La chambre des mises en accusation de Bruxelles, autrement composée, devra à nouveau se prononcer sur la régularité des perquisitions et des saisies effectuées à l'archevêché de Malines-Bruxelles, ainsi qu'au domicile et dans les bureaux du cardinal Godfried Danneels.

BELGA
Opération Calice: la Cour de cassation renvoie le dossier en chambre des mises
©Photonews

La chambre des mises en accusation de Bruxelles, autrement composée, devra à nouveau se prononcer sur la régularité des perquisitions et des saisies effectuées à l'archevêché de Malines-Bruxelles, ainsi qu'au domicile et dans les bureaux du cardinal Godfried Danneels.

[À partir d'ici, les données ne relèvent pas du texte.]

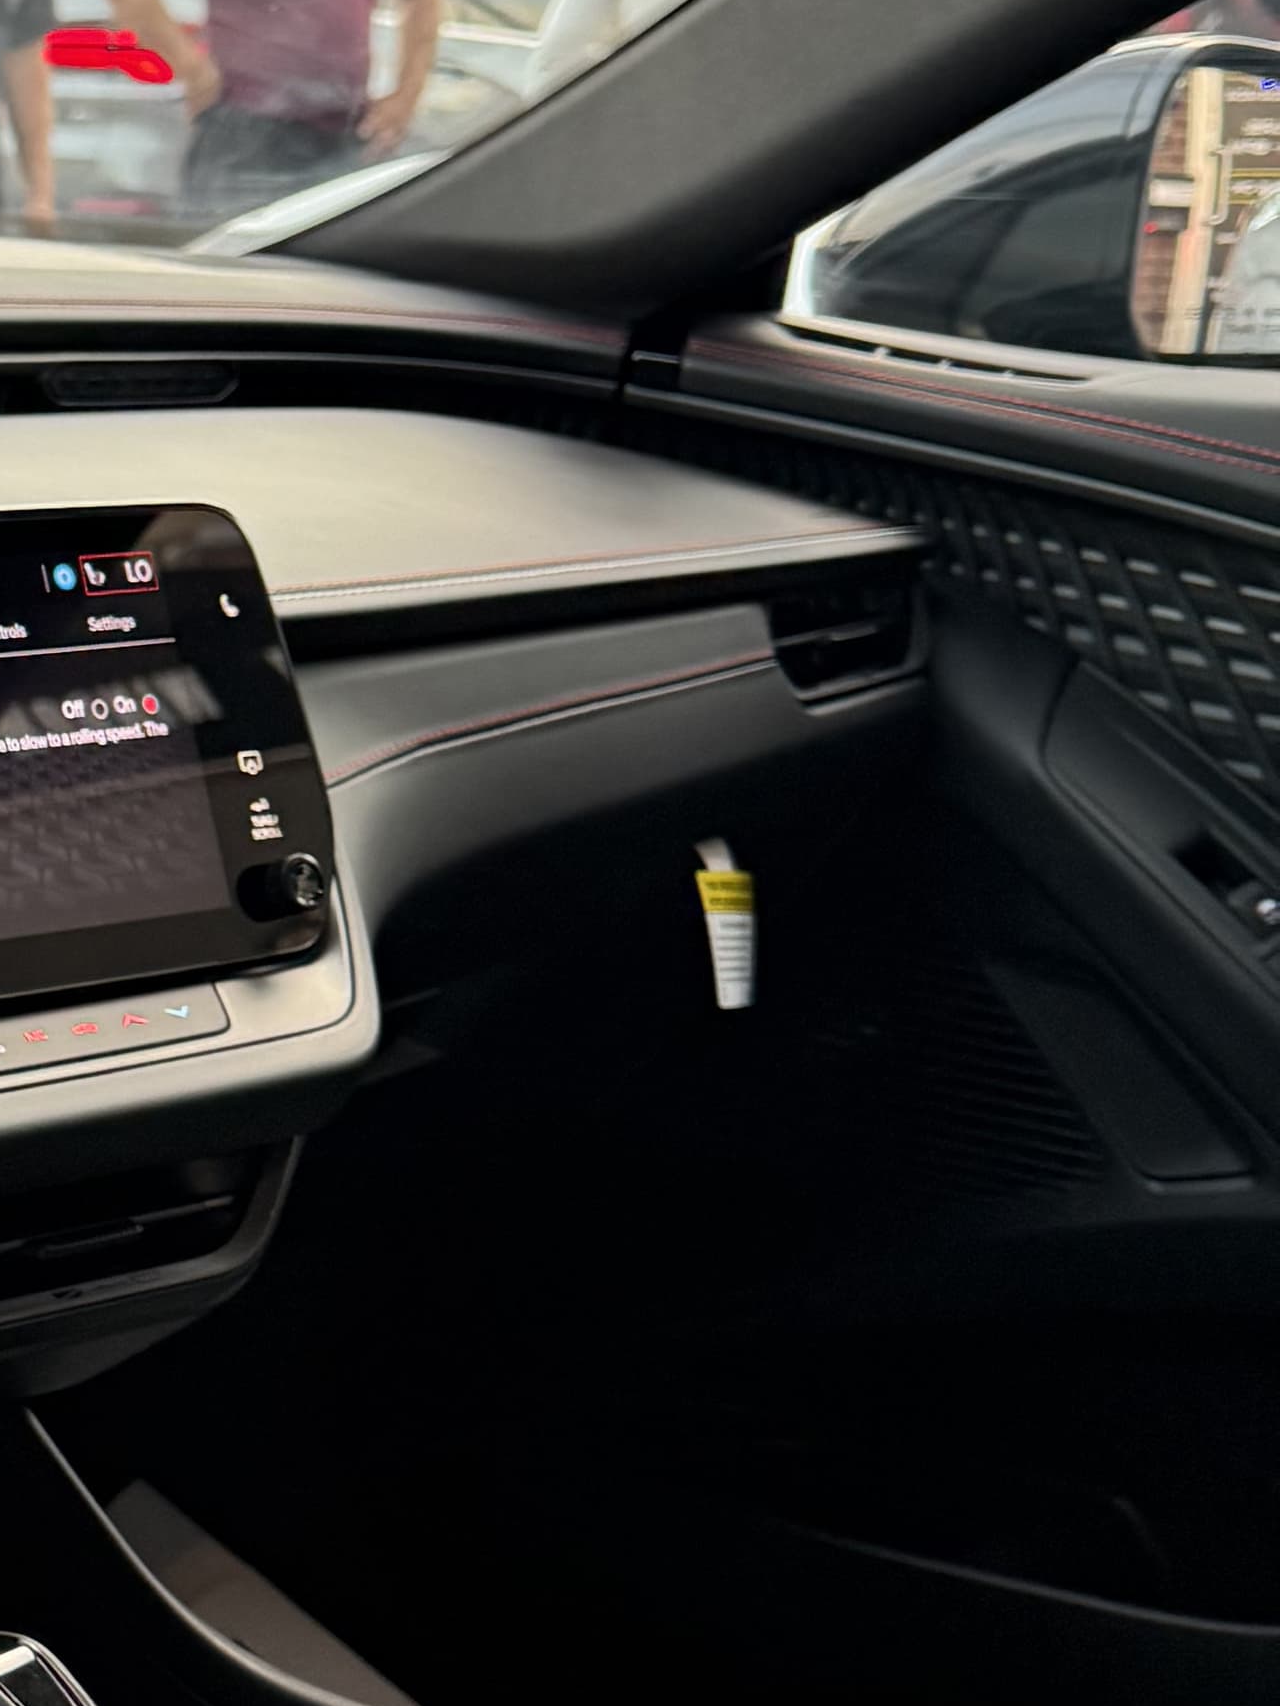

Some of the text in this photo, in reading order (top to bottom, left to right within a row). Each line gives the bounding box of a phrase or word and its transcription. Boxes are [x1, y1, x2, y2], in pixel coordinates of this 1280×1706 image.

[123, 559, 153, 583] LO
[87, 615, 137, 632] Settings
[61, 695, 137, 720] Off On
[5, 736, 20, 753] to
[20, 733, 48, 752] slow
[47, 731, 62, 748] to
[69, 727, 107, 746] rolling
[143, 720, 169, 737] The
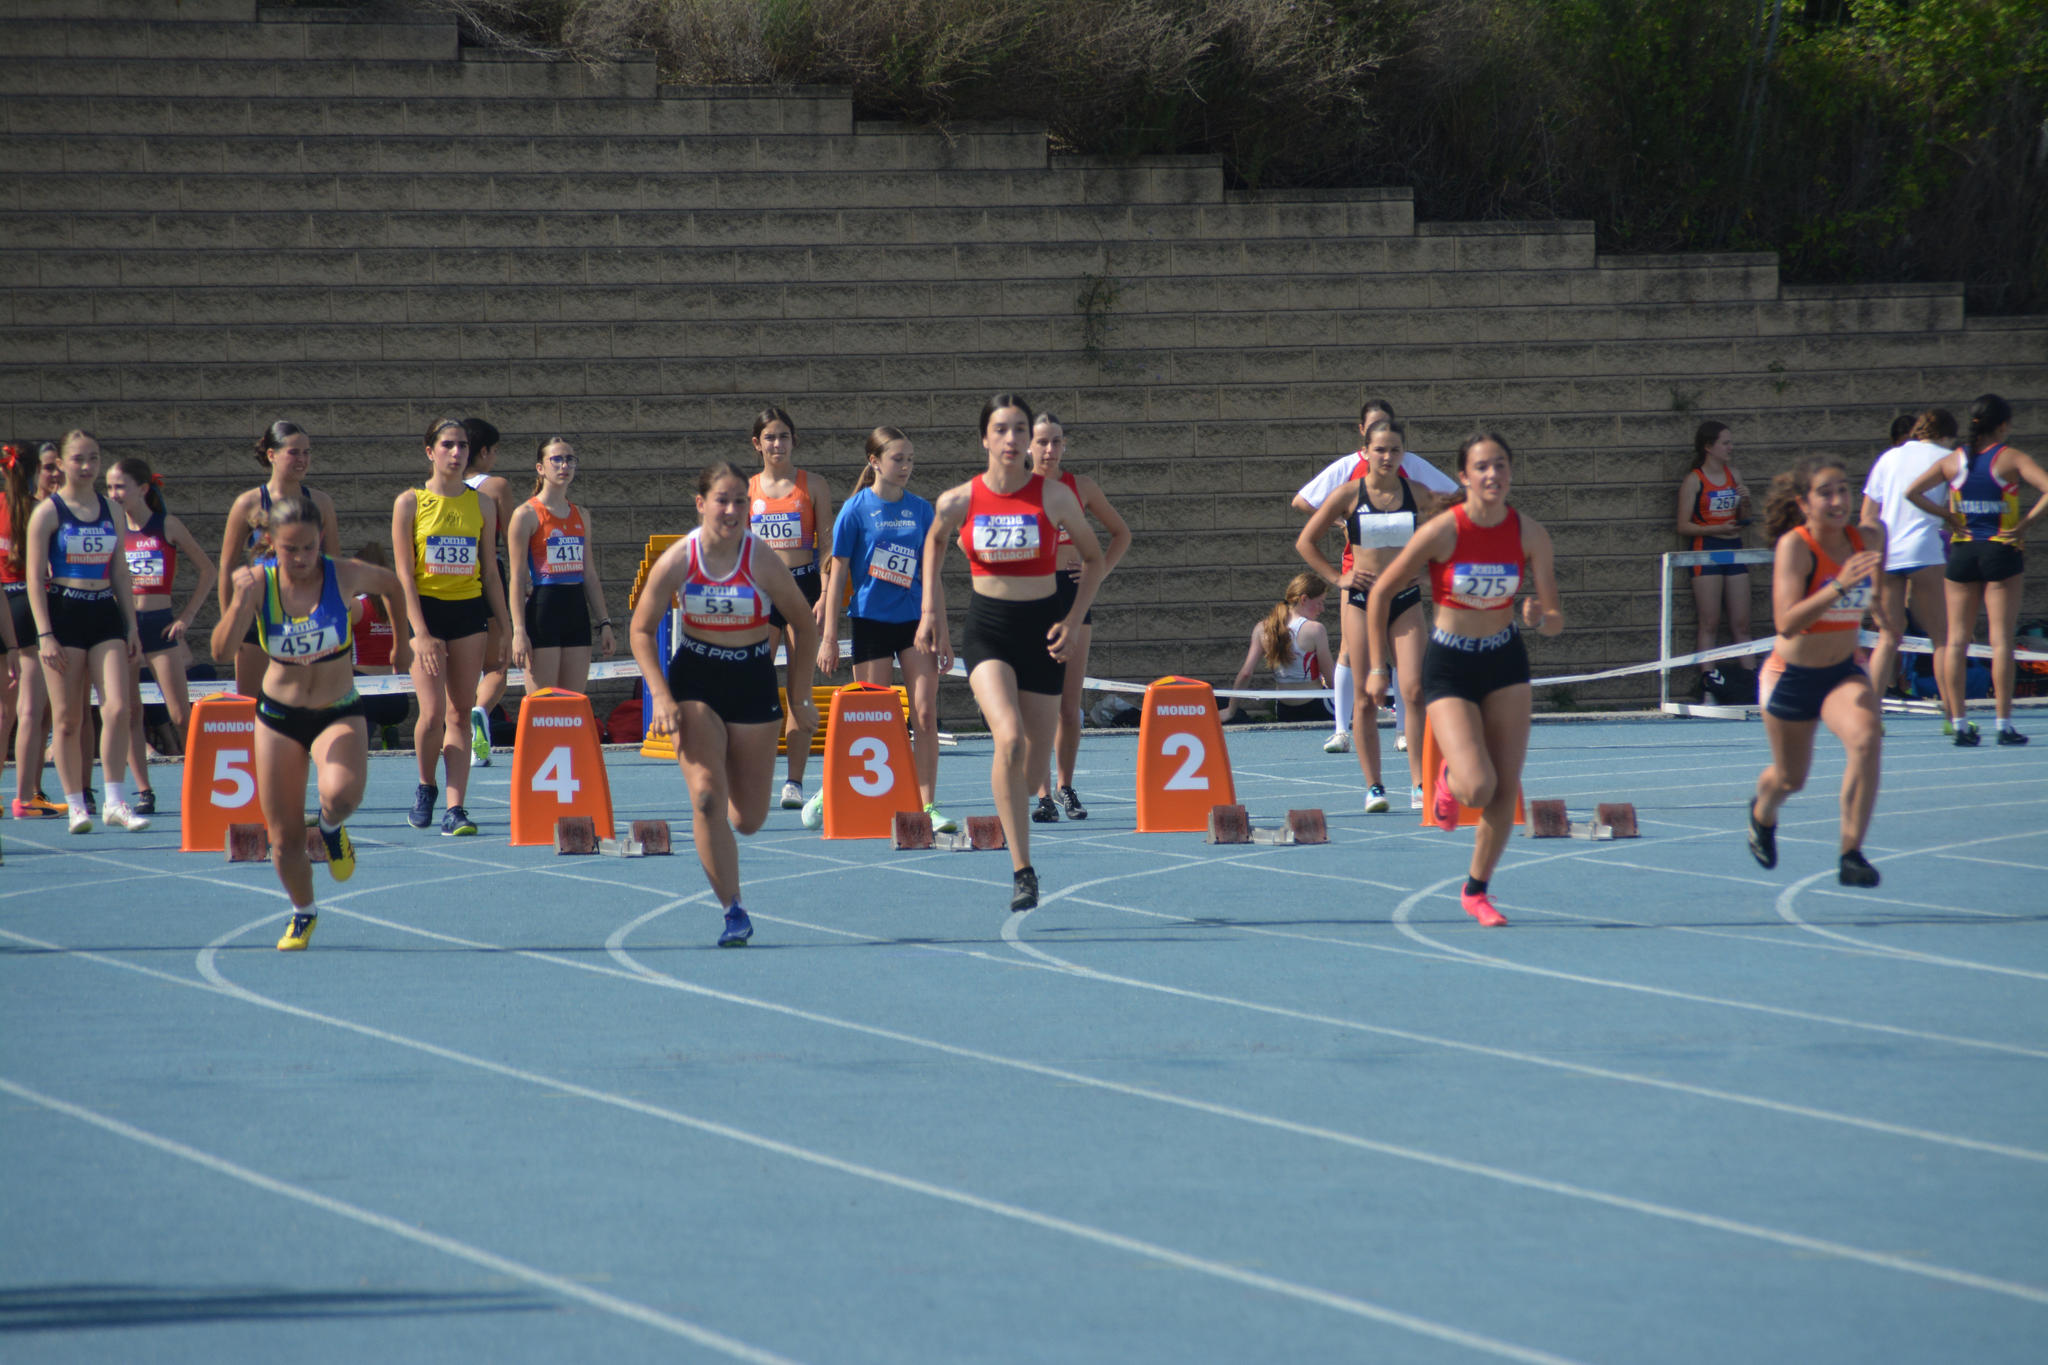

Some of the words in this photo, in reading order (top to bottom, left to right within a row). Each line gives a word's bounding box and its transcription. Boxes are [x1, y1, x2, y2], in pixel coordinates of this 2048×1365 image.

La Cour de cassation a analysé le mandat qui était dévolu à la chambre des mises en accusation de Bruxelles dans le cadre de l'Opération Calice sur les abus sexuels au sein de l'Eglise.

Elle souligne que la chambre des mises devait se prononcer sur la régularité des perquisitions à Malines. Elle devait dès lors, soulève la Haute juridiction, examiner si le juge d'instruction De Troy était en possession d'indices laissant supposer la découverte possible à l'archevêché, au domicile et dans les bureaux du cardinal Danneels de pièces importantes pour la recherche de la vérité.

La Cour de cassation constate que cette analyse n'a pas été faite par la chambre des mises en accusation. Elle relève, par contre, l'existence d'indices conduisant aux perquisitions à la cathédrale Saint-Rombaut et aux Archives du Royaume.

La chambre des mises devra dès lors examiner à nouveau la régularité des perquisitions à l'archevêché de Malines-Bruxelles, dans les bureaux et au domicile du cardinal Danneels. Pour ce faire, son siège devra être différent de celui qui a instruit le dossier le 9 septembre 2010 et le 22 décembre 2010, a précisé Chistian Vandewal, magistrat de presse au parquet de la Cour de cassation.